Background: Open spina bifida (myelomeningocele) is the result of the failure of spinal cord closing completely and is the second most common and severe birth defect. Open neural tube defects are multifactorial, and the exact molecular mechanism of the pathogenesis is not clear due to disease complexity for which prenatal treatment options remain limited worldwide. Artificial intelligence techniques like machine learning tools have been increasingly used in precision diagnosis.
Objective: The primary objective of this study is to identify key genes for open neural tube defects using a machine learning approach that provides additional information about myelomeningocele in order to obtain a more accurate diagnosis.
Materials and Methods: Our study reports differential gene expression analysis from multiple datasets (GSE4182 and GSE101141) of amniotic fluid samples with open neural tube defects. The sample outliers in the datasets were detected using principal component analysis (PCA). We report a combination of the differential gene expression analysis with recursive feature elimination (RFE), a machine learning approach to get 4 key genes for open neural tube defects. The features selected were validated using five binary classifiers for diseased and healthy samples: Logistic Regression (LR), Decision tree classifier (DT), Support Vector Machine (SVM), Random Forest classifier (RF), and K-nearest neighbour (KNN) with 5-fold cross-validation.

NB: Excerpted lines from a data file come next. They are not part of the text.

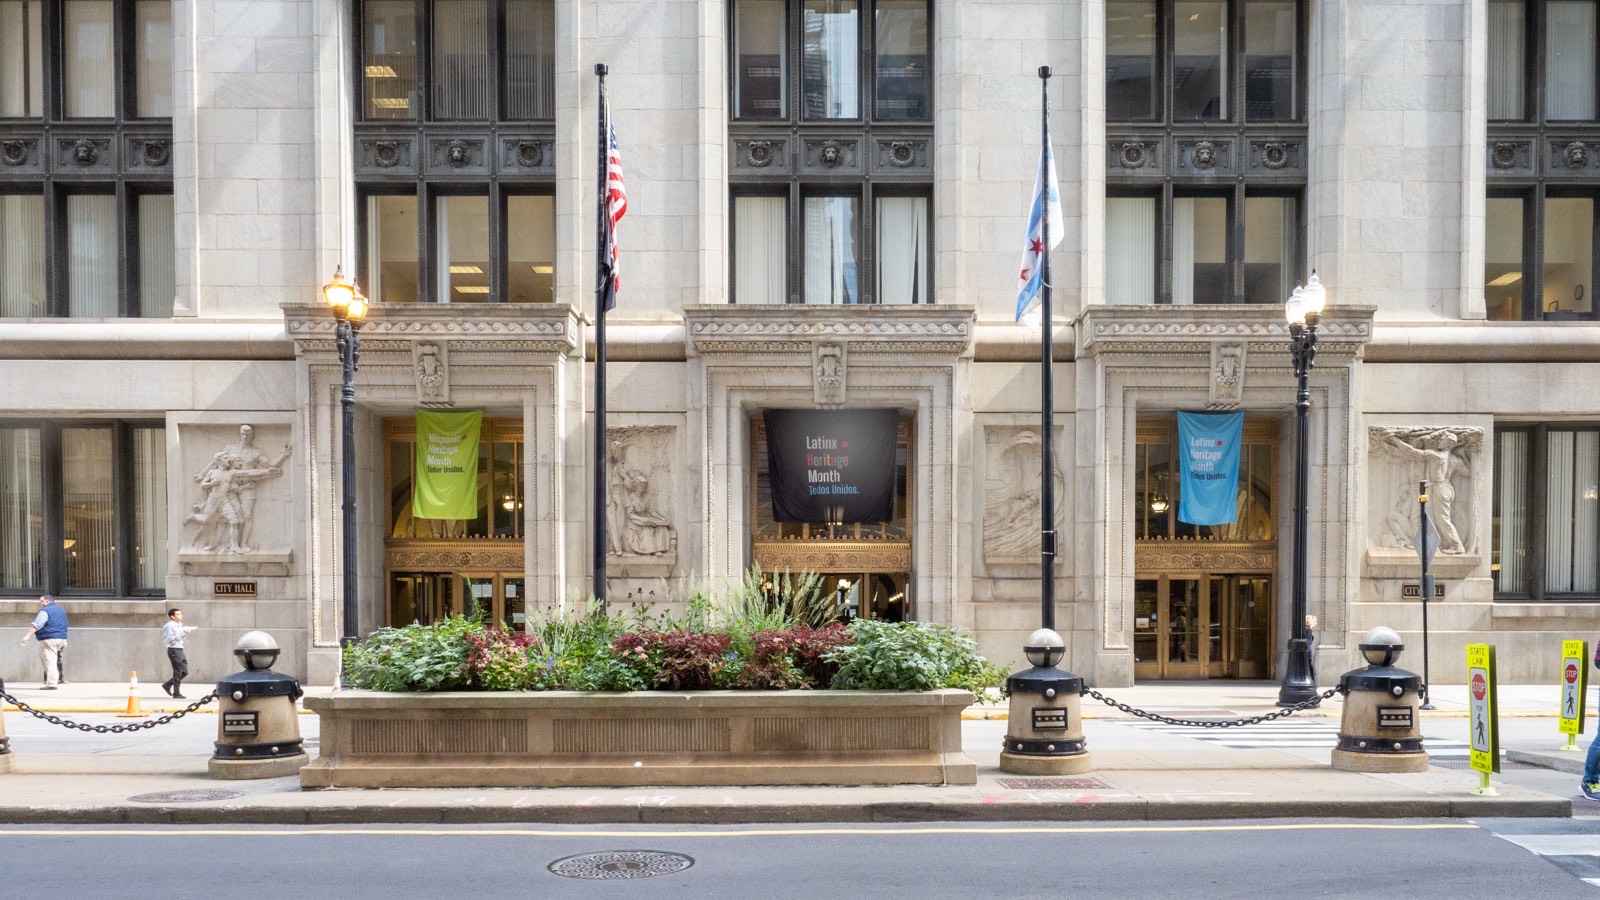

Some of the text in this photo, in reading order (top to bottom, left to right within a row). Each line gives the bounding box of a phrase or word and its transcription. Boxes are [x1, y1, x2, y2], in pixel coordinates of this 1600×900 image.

[429, 433, 461, 445] Hispanic
[806, 436, 837, 450] Latinx
[1191, 436, 1215, 448] Latino
[428, 444, 459, 455] Heritage
[1190, 448, 1222, 462] Heritage
[427, 455, 452, 465] Month
[806, 452, 849, 469] Heritage
[1191, 461, 1214, 472] Month
[808, 469, 841, 483] Month
[809, 484, 860, 496] Todos Unidos.
[215, 584, 255, 593] CITY HALL
[1404, 586, 1420, 595] CITY
[1470, 647, 1485, 656] STATE
[1565, 670, 1577, 678] STOP
[1472, 681, 1485, 692] STOP

Results: Growth Associated Protein 43 (GAP43), Glial fibrillary acidic protein (GFAP), Repetin (RPTN), and CD44 are the important genes identified in the study. These genes are known to be involved in axon growth, astrocyte differentiation in the central nervous system, post-traumatic brain repair, neuroinflammation, and inflammation-linked neuronal injuries. These key genes represent a promising tool for further studies in the diagnosis and early detection of open neural tube defects.

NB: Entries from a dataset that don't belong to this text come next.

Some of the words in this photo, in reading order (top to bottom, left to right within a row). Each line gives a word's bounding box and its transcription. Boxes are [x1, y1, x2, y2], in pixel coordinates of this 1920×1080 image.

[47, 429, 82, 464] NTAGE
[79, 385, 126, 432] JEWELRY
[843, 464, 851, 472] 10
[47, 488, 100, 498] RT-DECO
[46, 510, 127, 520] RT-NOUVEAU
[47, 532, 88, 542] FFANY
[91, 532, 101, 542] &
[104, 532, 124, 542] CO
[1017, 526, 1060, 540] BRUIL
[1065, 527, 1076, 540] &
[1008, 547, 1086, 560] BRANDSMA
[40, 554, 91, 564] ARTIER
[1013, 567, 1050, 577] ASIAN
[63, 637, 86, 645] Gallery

Conclusion: These key biomarkers help in the diagnosis and early detection of open neural tube defects, thus evaluating the progress and seriousness in diseases condition. This study strengthens previous literature sources of confirming these biomarkers linked with open NTD’s. Thus, among other prenatal treatment options present until now, these biomarkers help in the early detection of open neural tube defects, which provides success in both treatment and prevention of these defects in the advanced stage.
Keywords: Spina bifida, myelomeningocele, PCA, recursive feature elimination (RFE), machine learning-based classification, NTD’s.